* Assignment: Every record below is to be restated verbatim, though its images are not.

==============================

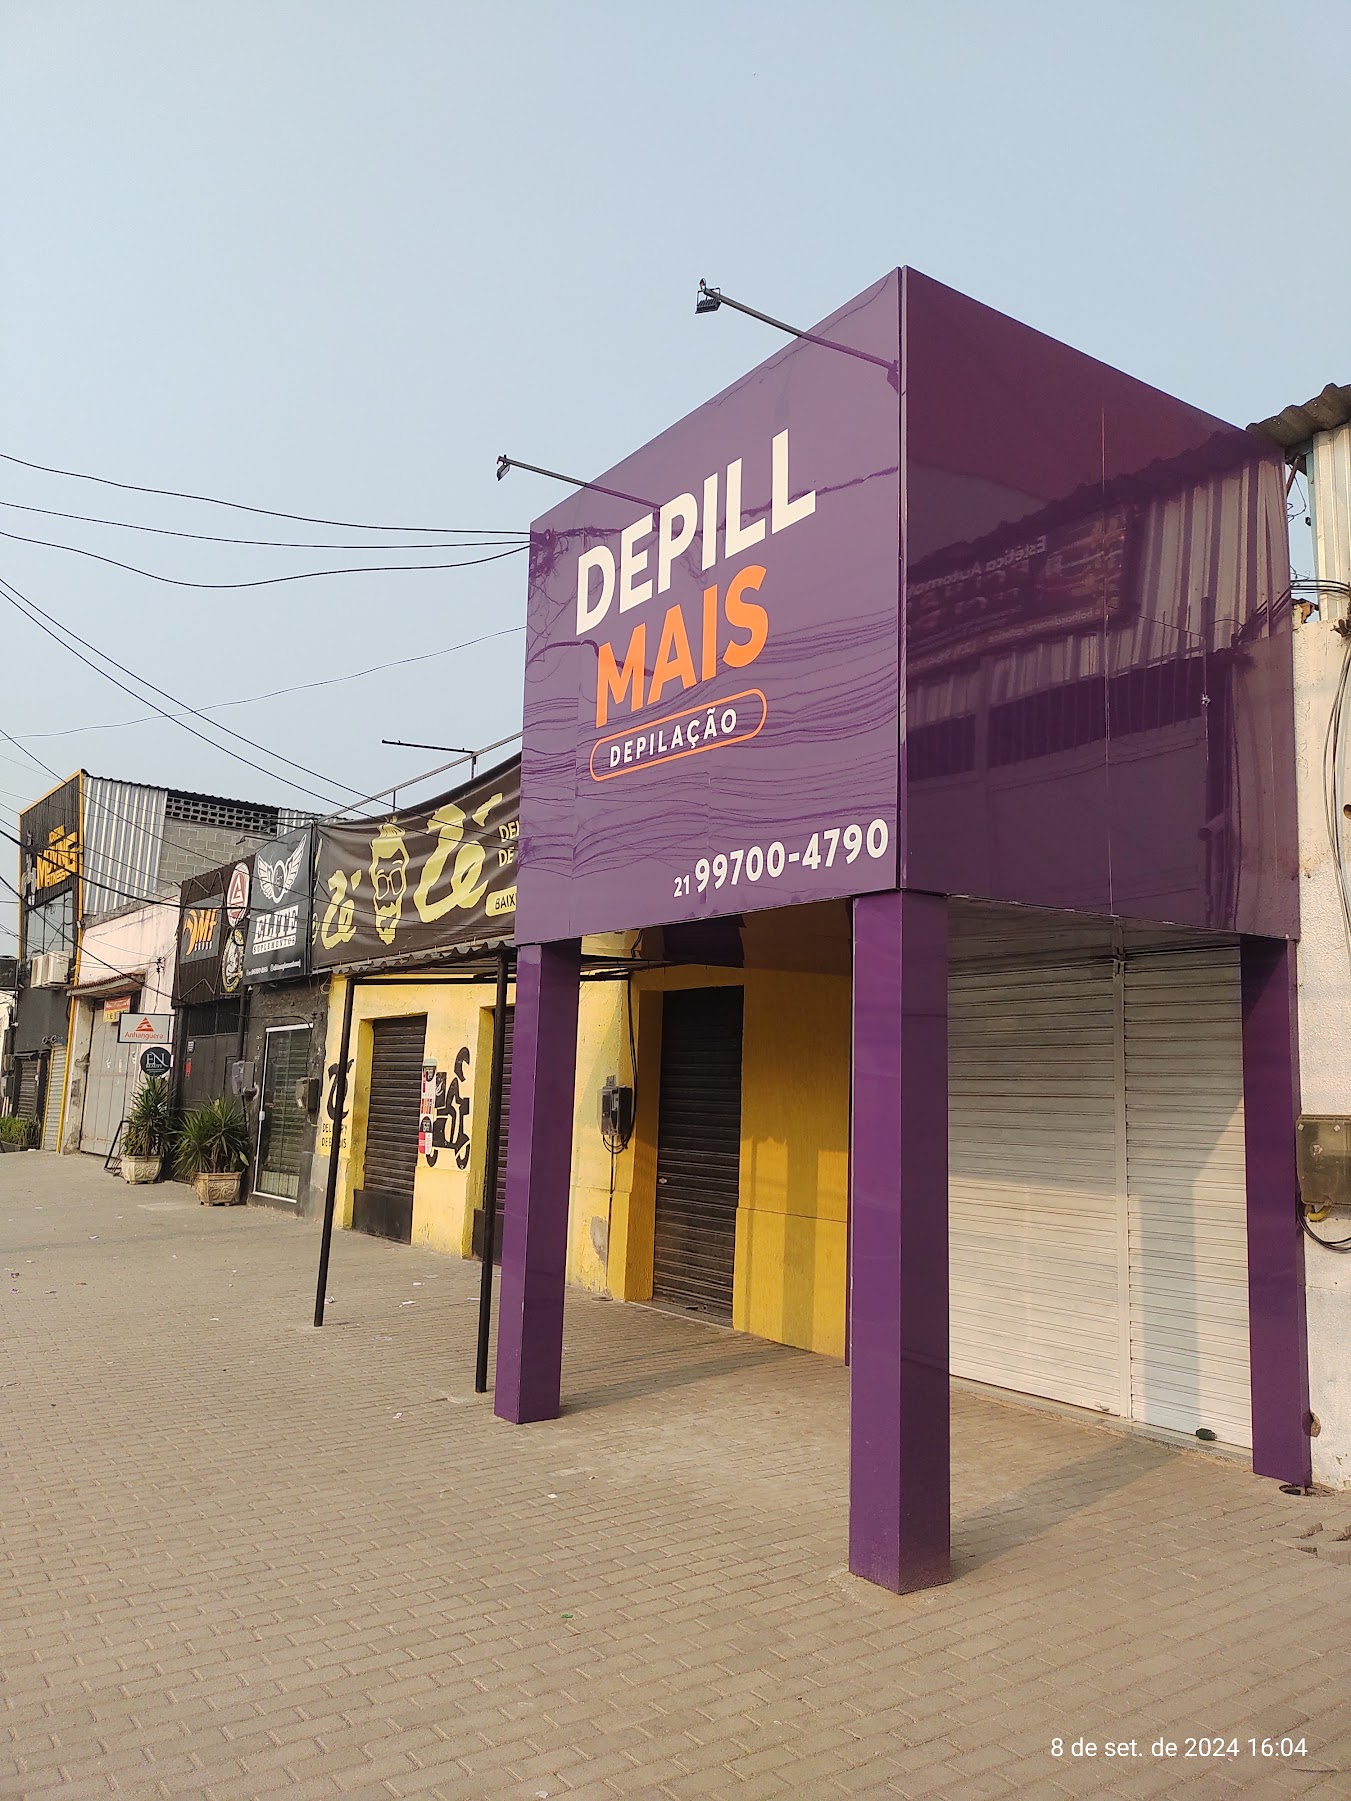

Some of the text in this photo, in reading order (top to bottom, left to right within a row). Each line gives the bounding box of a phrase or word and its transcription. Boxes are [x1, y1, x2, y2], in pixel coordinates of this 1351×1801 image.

[575, 428, 816, 636] DEPILL
[594, 564, 769, 729] MAIS
[609, 707, 737, 769] DEPILAÇÃO
[498, 846, 515, 868] DE
[673, 818, 889, 898] 21 99700-4790
[253, 904, 299, 944] ELITE
[495, 893, 516, 911] BAIX
[124, 1031, 164, 1040] Anhanguera
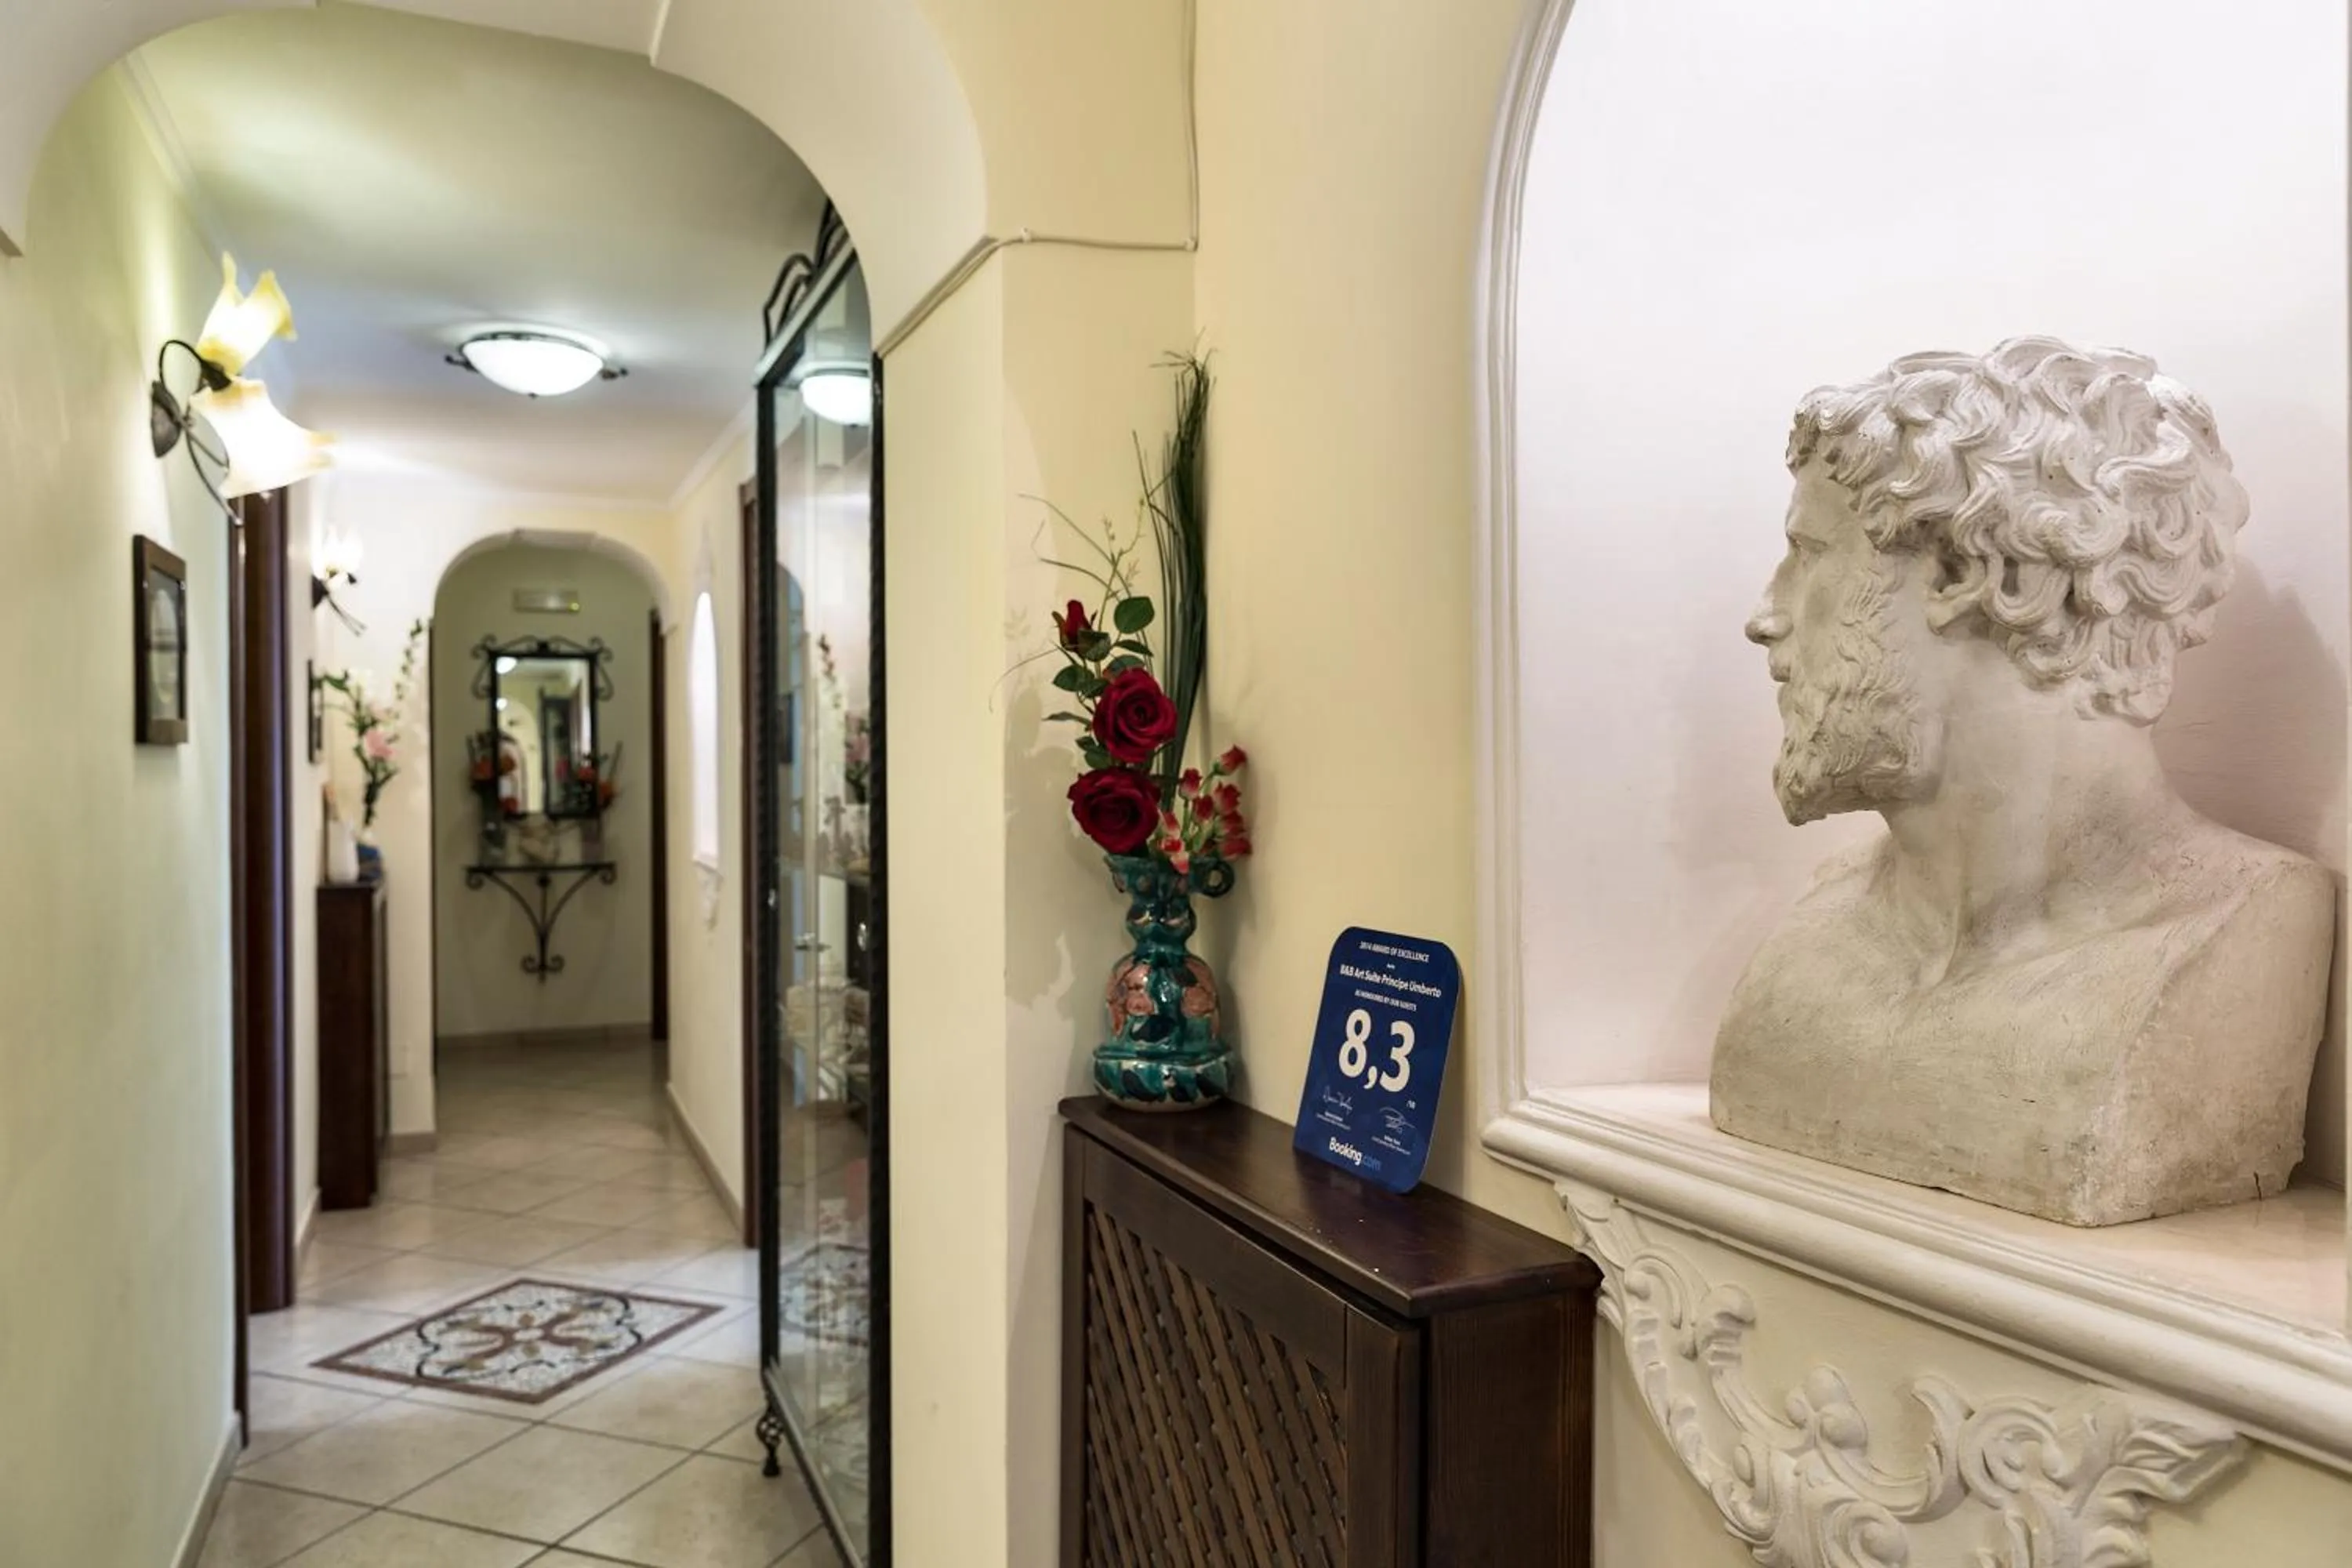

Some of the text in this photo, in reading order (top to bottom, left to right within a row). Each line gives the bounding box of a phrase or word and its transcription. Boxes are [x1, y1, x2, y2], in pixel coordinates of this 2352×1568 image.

[1390, 947, 1397, 956] OF
[1396, 948, 1429, 963] EXCELLENCE
[1340, 964, 1442, 998] B&B Art Suite Principe Umberto
[1338, 1008, 1415, 1092] 8,3

==============================

* Answer box:
Some of the text in this photo, in reading order (top to bottom, left to right within a row). Each line gives the bounding box of a phrase or word and its transcription. Boxes are [x1, y1, x2, y2], in pixel coordinates of this 1351×1801 image.

[575, 428, 816, 636] DEPILL
[594, 564, 769, 729] MAIS
[609, 707, 737, 769] DEPILAÇÃO
[498, 846, 515, 868] DE
[673, 818, 889, 898] 21 99700-4790
[253, 904, 299, 944] ELITE
[495, 893, 516, 911] BAIX
[124, 1031, 164, 1040] Anhanguera

Some of the text in this photo, in reading order (top to bottom, left to right within a row). Each line gives the bounding box of a phrase or word and its transcription. Boxes are [x1, y1, x2, y2], in pixel coordinates of this 2352×1568 image.

[1390, 947, 1397, 956] OF
[1396, 948, 1429, 963] EXCELLENCE
[1340, 964, 1442, 998] B&B Art Suite Principe Umberto
[1338, 1008, 1415, 1092] 8,3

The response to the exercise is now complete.